* INSTRUCTIONS FOR THE TASK
Pictures are not part of the copy; reproduce the remaining data exactly.

* Phrase grounding data

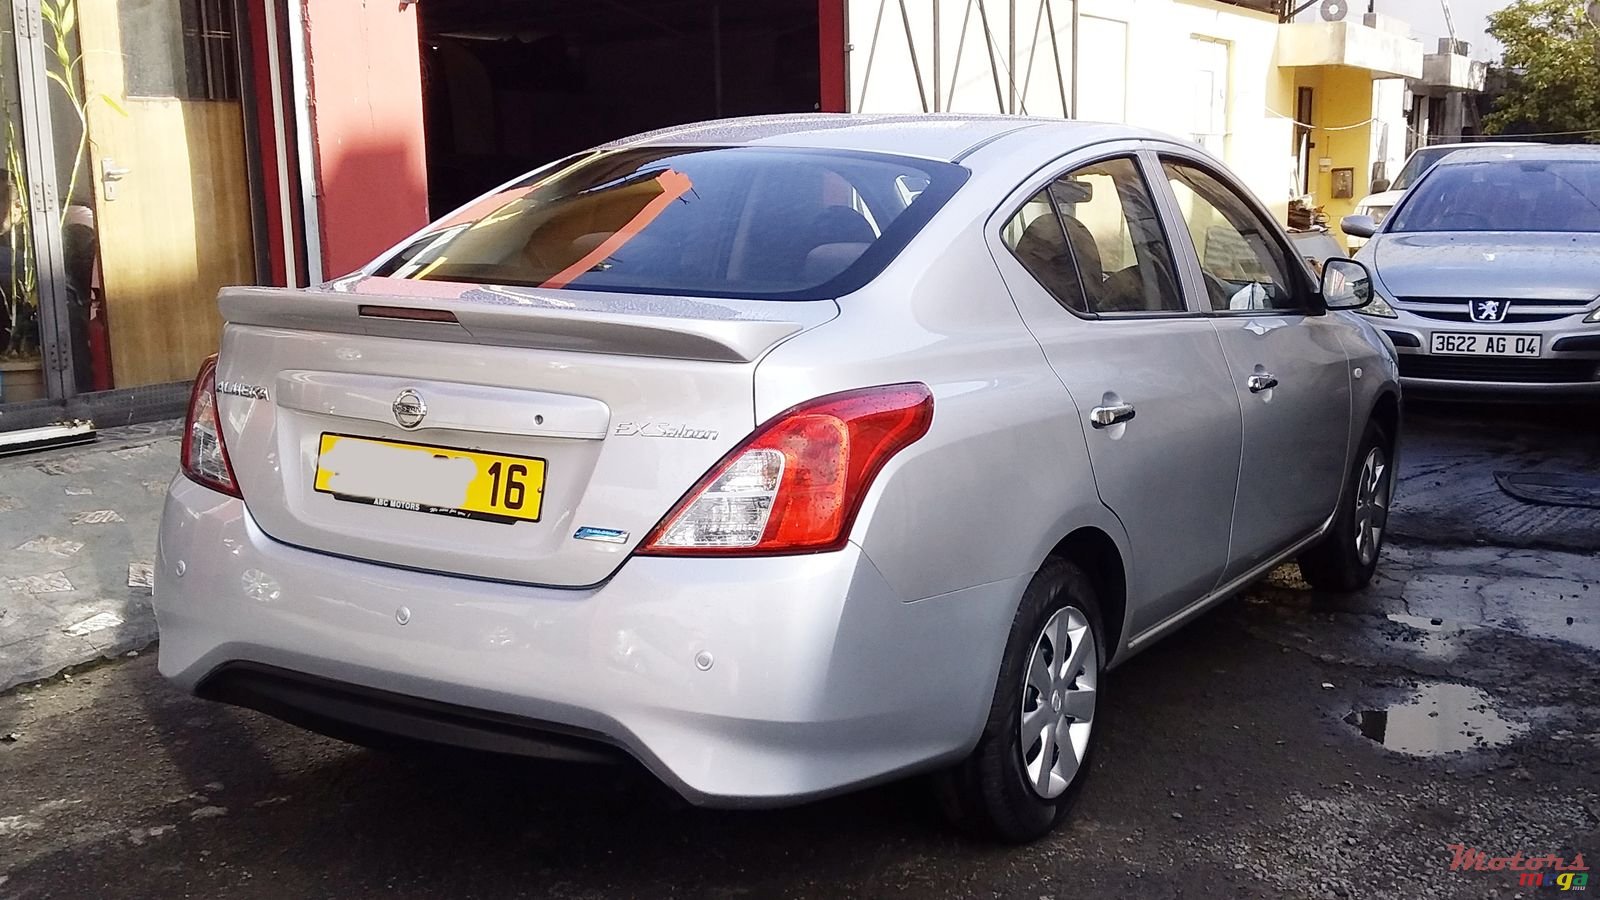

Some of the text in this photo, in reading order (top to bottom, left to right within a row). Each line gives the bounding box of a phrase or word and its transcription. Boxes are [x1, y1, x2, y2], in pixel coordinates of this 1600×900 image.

[1435, 335, 1536, 354] 3622 AG 04
[614, 422, 719, 441] EX Saloon
[487, 461, 528, 510] 16
[373, 498, 420, 511] ABC MOTORS
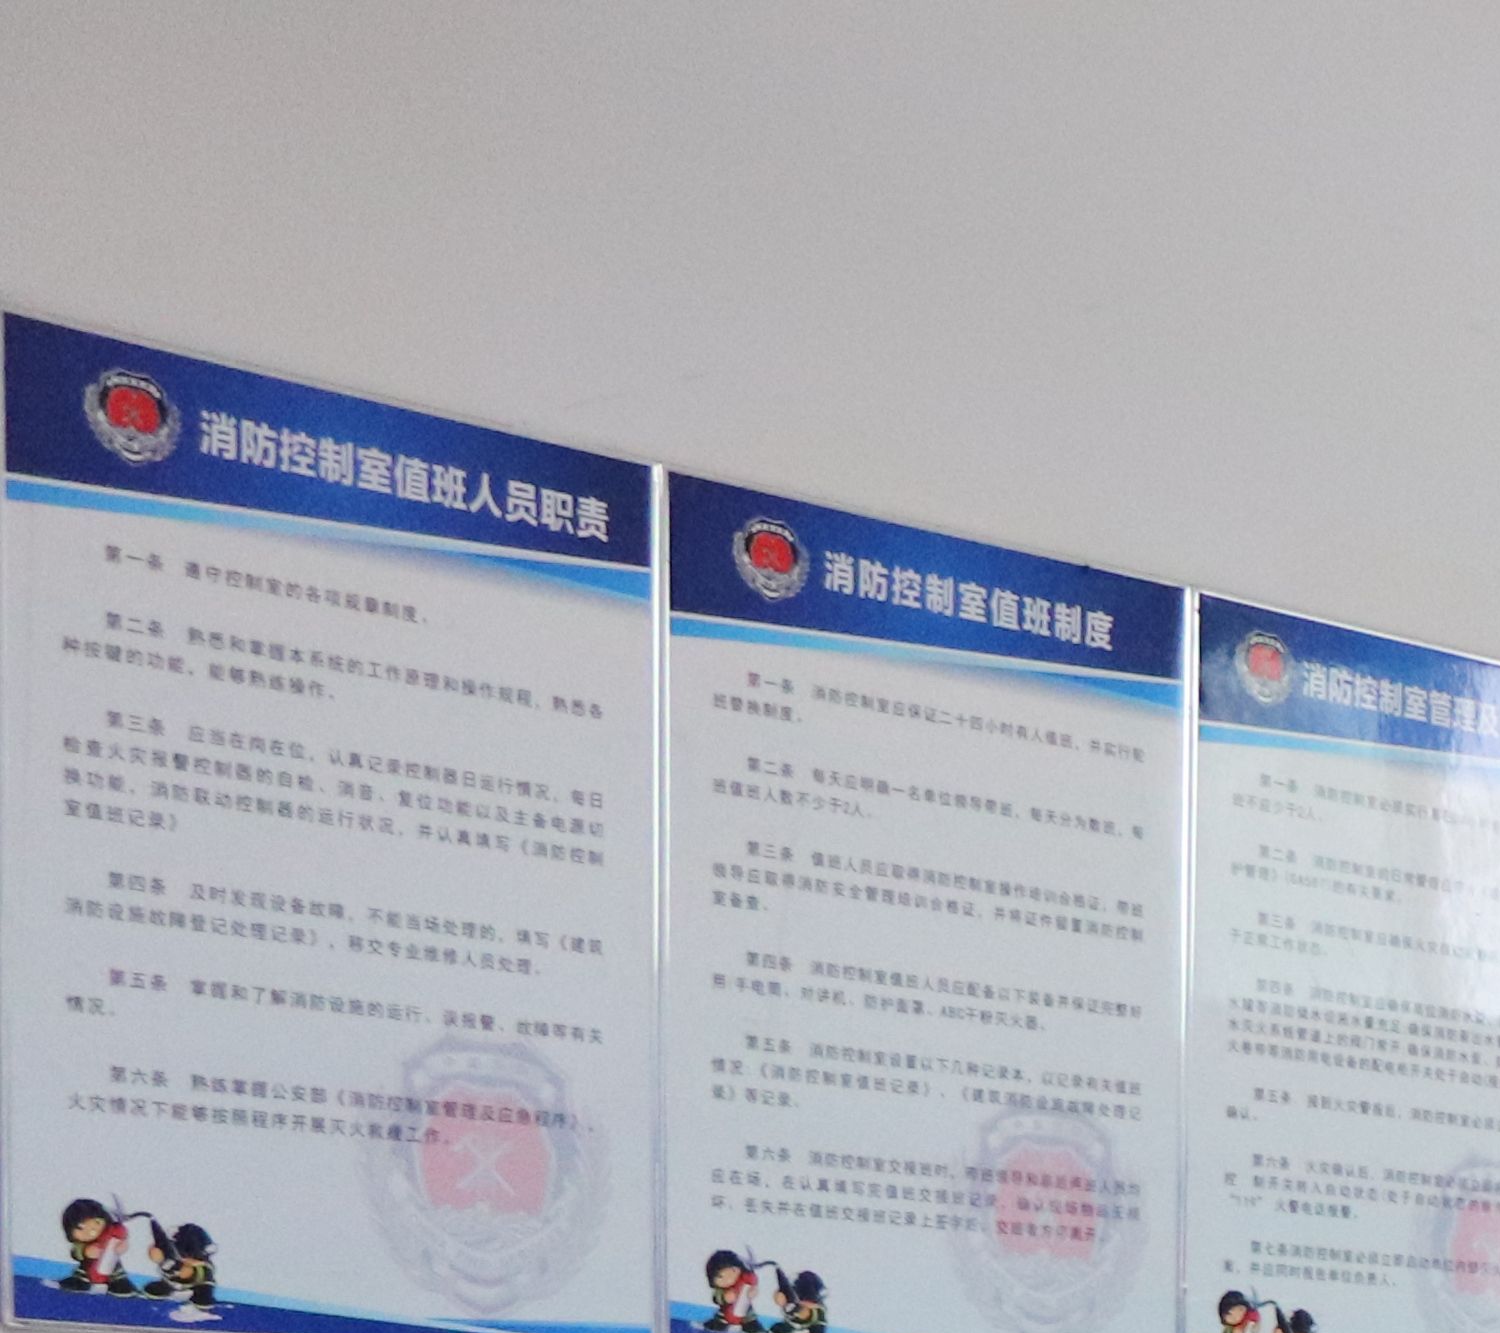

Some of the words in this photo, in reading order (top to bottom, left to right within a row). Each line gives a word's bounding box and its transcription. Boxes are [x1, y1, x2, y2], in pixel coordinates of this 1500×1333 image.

[199, 410, 610, 544] 消防控制室值班人员职责
[104, 543, 165, 575] 第一条
[823, 549, 1115, 652] 消防控制室值班制度
[104, 609, 165, 641] 第二条
[747, 670, 795, 698] 第一条
[105, 708, 166, 738] 第三条
[746, 754, 794, 781] 第二条
[746, 838, 794, 864] 第三条
[107, 870, 168, 899] 第四条
[745, 949, 793, 974] 第四条
[107, 966, 168, 994] 第五条
[64, 992, 117, 1019] 情况。
[744, 1033, 792, 1056] 第五条
[108, 1064, 169, 1091] 第六条
[1253, 1085, 1292, 1106] 第五条
[744, 1142, 792, 1164] 第六条
[1252, 1152, 1290, 1172] 第六条

* RESULT OF THIS TASK
Some of the text in this photo, in reading order (top to bottom, left to right within a row). Each line gives the bounding box of a phrase or word and its transcription. Boxes are [x1, y1, x2, y2], in pixel coordinates of this 1600×900 image.

[1435, 335, 1536, 354] 3622 AG 04
[614, 422, 719, 441] EX Saloon
[487, 461, 528, 510] 16
[373, 498, 420, 511] ABC MOTORS

Some of the words in this photo, in reading order (top to bottom, left to right within a row). Each line gives a word's bounding box and its transcription. Boxes are [x1, y1, x2, y2], in pixel coordinates of this 1500×1333 image.

[199, 410, 610, 544] 消防控制室值班人员职责
[104, 543, 165, 575] 第一条
[823, 549, 1115, 652] 消防控制室值班制度
[104, 609, 165, 641] 第二条
[747, 670, 795, 698] 第一条
[105, 708, 166, 738] 第三条
[746, 754, 794, 781] 第二条
[746, 838, 794, 864] 第三条
[107, 870, 168, 899] 第四条
[745, 949, 793, 974] 第四条
[107, 966, 168, 994] 第五条
[64, 992, 117, 1019] 情况。
[744, 1033, 792, 1056] 第五条
[108, 1064, 169, 1091] 第六条
[1253, 1085, 1292, 1106] 第五条
[744, 1142, 792, 1164] 第六条
[1252, 1152, 1290, 1172] 第六条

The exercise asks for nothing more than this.